Ma lo spettacolo più pirotecnico lo aveva organizzato il 24 marzo 2010 il ministro per la Semplificazione Normativa Roberto Calderoli, già noto per il Porcellum, dando fuoco una torre di 32 scatoloni contenenti simbolicamente 375 mila leggi italiane ritenute inutili o obsolete. Lo show, consumatosi alla caserma dei Vigili del Fuoco di Capannelle, fu definito dal coordinatore nazionale del sindacato di base indipendente RdB dei vigili del fuoco «una pagliacciata» degna di un «circo», che impegnò una trentina di pompieri. Tanto fumo ma niente arrosto, oltretutto, visto che nella classifica Ocse sulla qualità dei servizi erogati dalla PA italiana, su 36 Paesi l’Italia – 26esima nel 2000 – nel 2018 era scivolata al 33esimo posto, terzultima, davanti a Turchia e Messico.

Semplificazione promessa, burocrazia raddoppiata: il cortocircuito italiano
Il “rogo” di Roberto Calderoli (da Youtube).

Il costo economico della lentezza amministrativa

Ma stando al presente ed evidenziando le criticità più rilevanti per l’economia nazionale segnaliamo che la lentezza amministrativa costa secondo una stima della Cgia di Mestre del 2025, circa 184 miliardi di euro. Quella italiana è tra le peggiori burocrazie dell’Eurozona: siamo al primo posto per pressione burocratica sulle imprese, ma solo al 26esimo per fiducia nella Pa. In simile contesto non è affatto scontato che il PNRR riuscirà nell’impresa di sburocratizzare e velocizzare le procedure amministrative. Non fosse altro perché numerosi sono i casi in cui la promessa semplificazione si traduce in un ulteriore e forse non previsto aggravio di vincoli, obblighi e norme.  La burocrazia che si autocontrolla, cioè che accumula norme su norme, è un fenomeno tipicamente italiano. Ma che risulta particolarmente biasimevole, oltre che paradossale, quando si abbatte su due settori che dovrebbero essere regolati in modo semplice, con vincoli burocratici ridotti all’osso e controlli perlopiù qualitativi e nel merito piuttosto che quantitativi e regolamentari. Mi riferisco al Terzo Settore, che riguarda il volontariato, le associazioni assistenziali e culturali, e l’Università, dove insegnamento e promozione del sapere dovrebbero avere come faro la libertà e non il regolamento.

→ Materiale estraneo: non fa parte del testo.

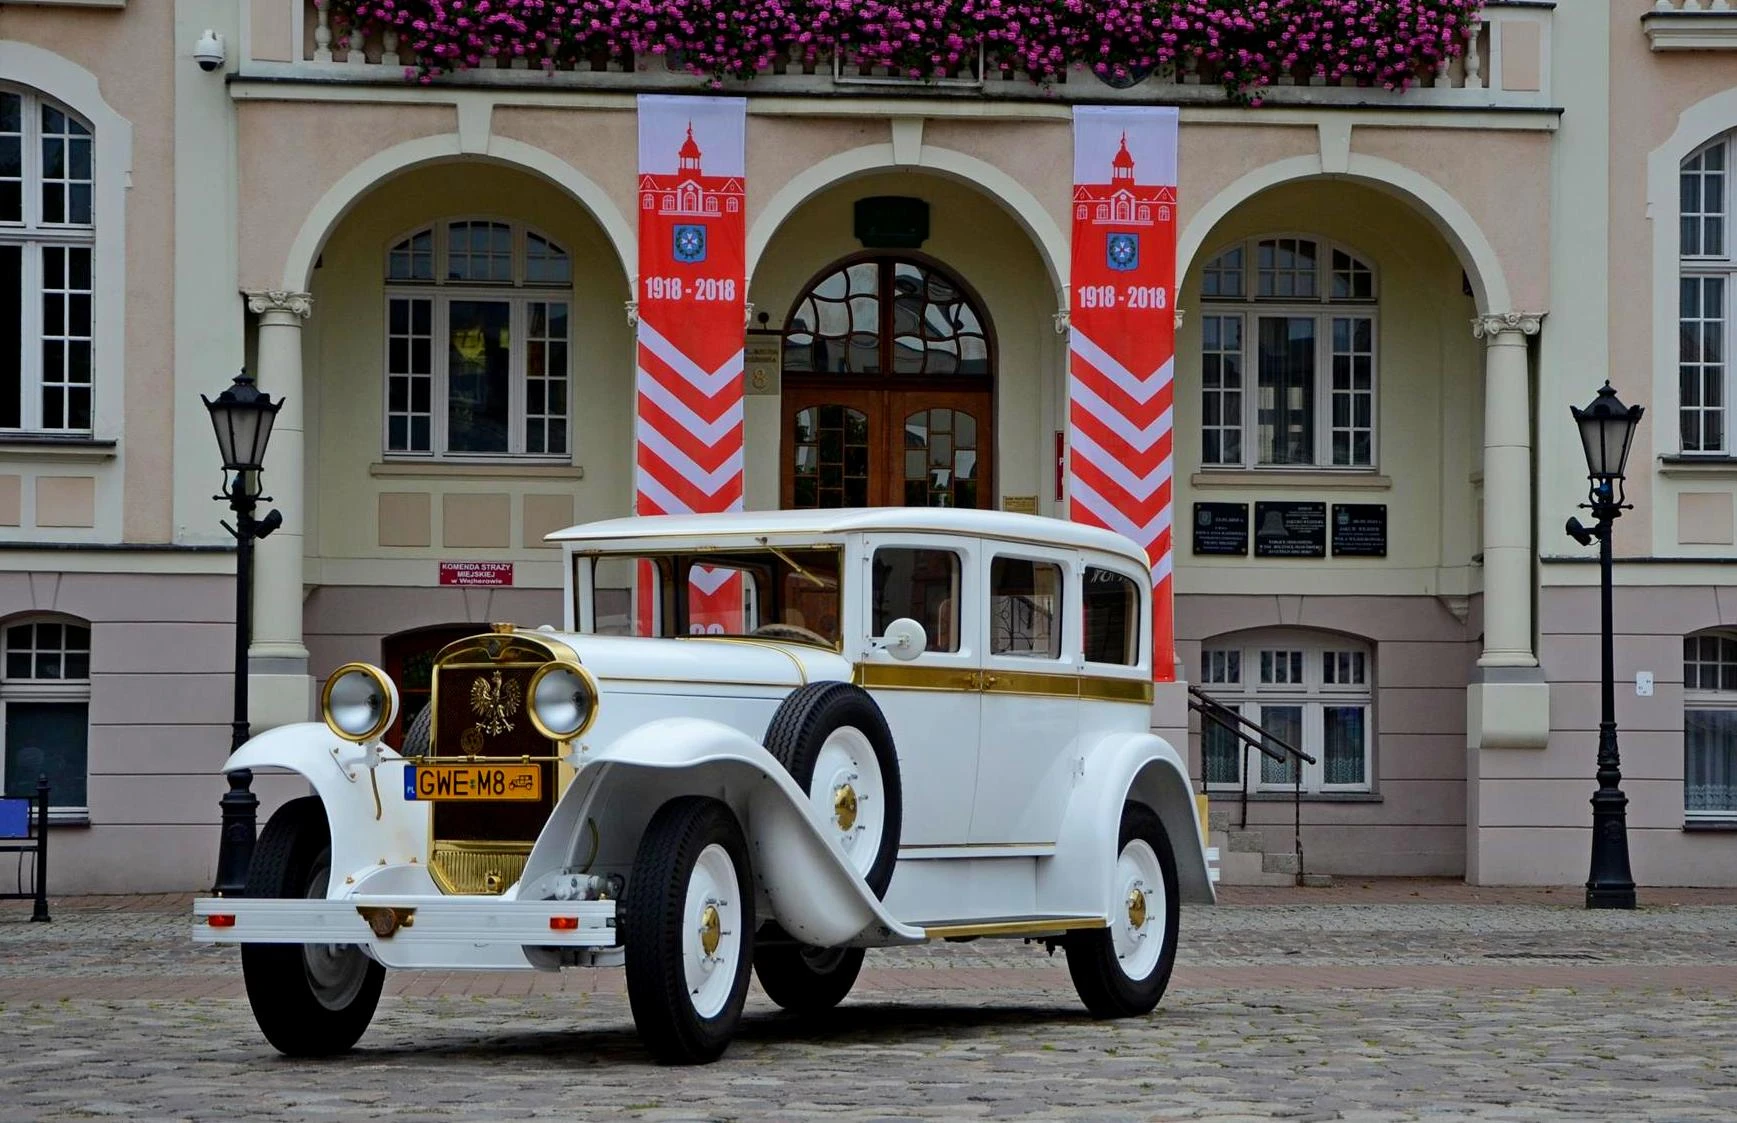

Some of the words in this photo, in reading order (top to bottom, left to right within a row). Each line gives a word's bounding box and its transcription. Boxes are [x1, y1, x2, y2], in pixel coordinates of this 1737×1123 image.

Semplificazione promessa, burocrazia raddoppiata: il cortocircuito italiano
(foto di Compagnons, via Unsplash).

Il Terzo settore sommerso dalle scartoffie

«Paradossi del Terzo settore: se la riforma anti-burocrazia genera ulteriore burocrazia». Così il Corriere della Sera titolava lo scorso 17 febbraio una riflessione di Paolo Venturi, direttore di AICCON (centro di ricerca sull’Economia Sociale nato dalla collaborazione tra Università di Bologna e numerose realtà pubbliche e private) che segnalava come le diverse realtà di volontariato «sono sottoposte sul piano operativo a un livello di burocratizzazione crescente che rischia di indebolirne identità, autonomia e capacità trasformativa». Colpa dei bandi per chiedere i finanziamenti che sono sempre più complicati, con moltiplicazione di procedure, adempimenti e dispositivi di controllo. Al punto che per tante realtà no profit le energie anziché essere spese sul campo vengono impegnate nel compilare moduli su moduli. È così che la correttezza formale delle richieste e rendicontazioni diventa predominante rispetto alla creazione di valore e benefici per i territori e le fasce sociali più fragili.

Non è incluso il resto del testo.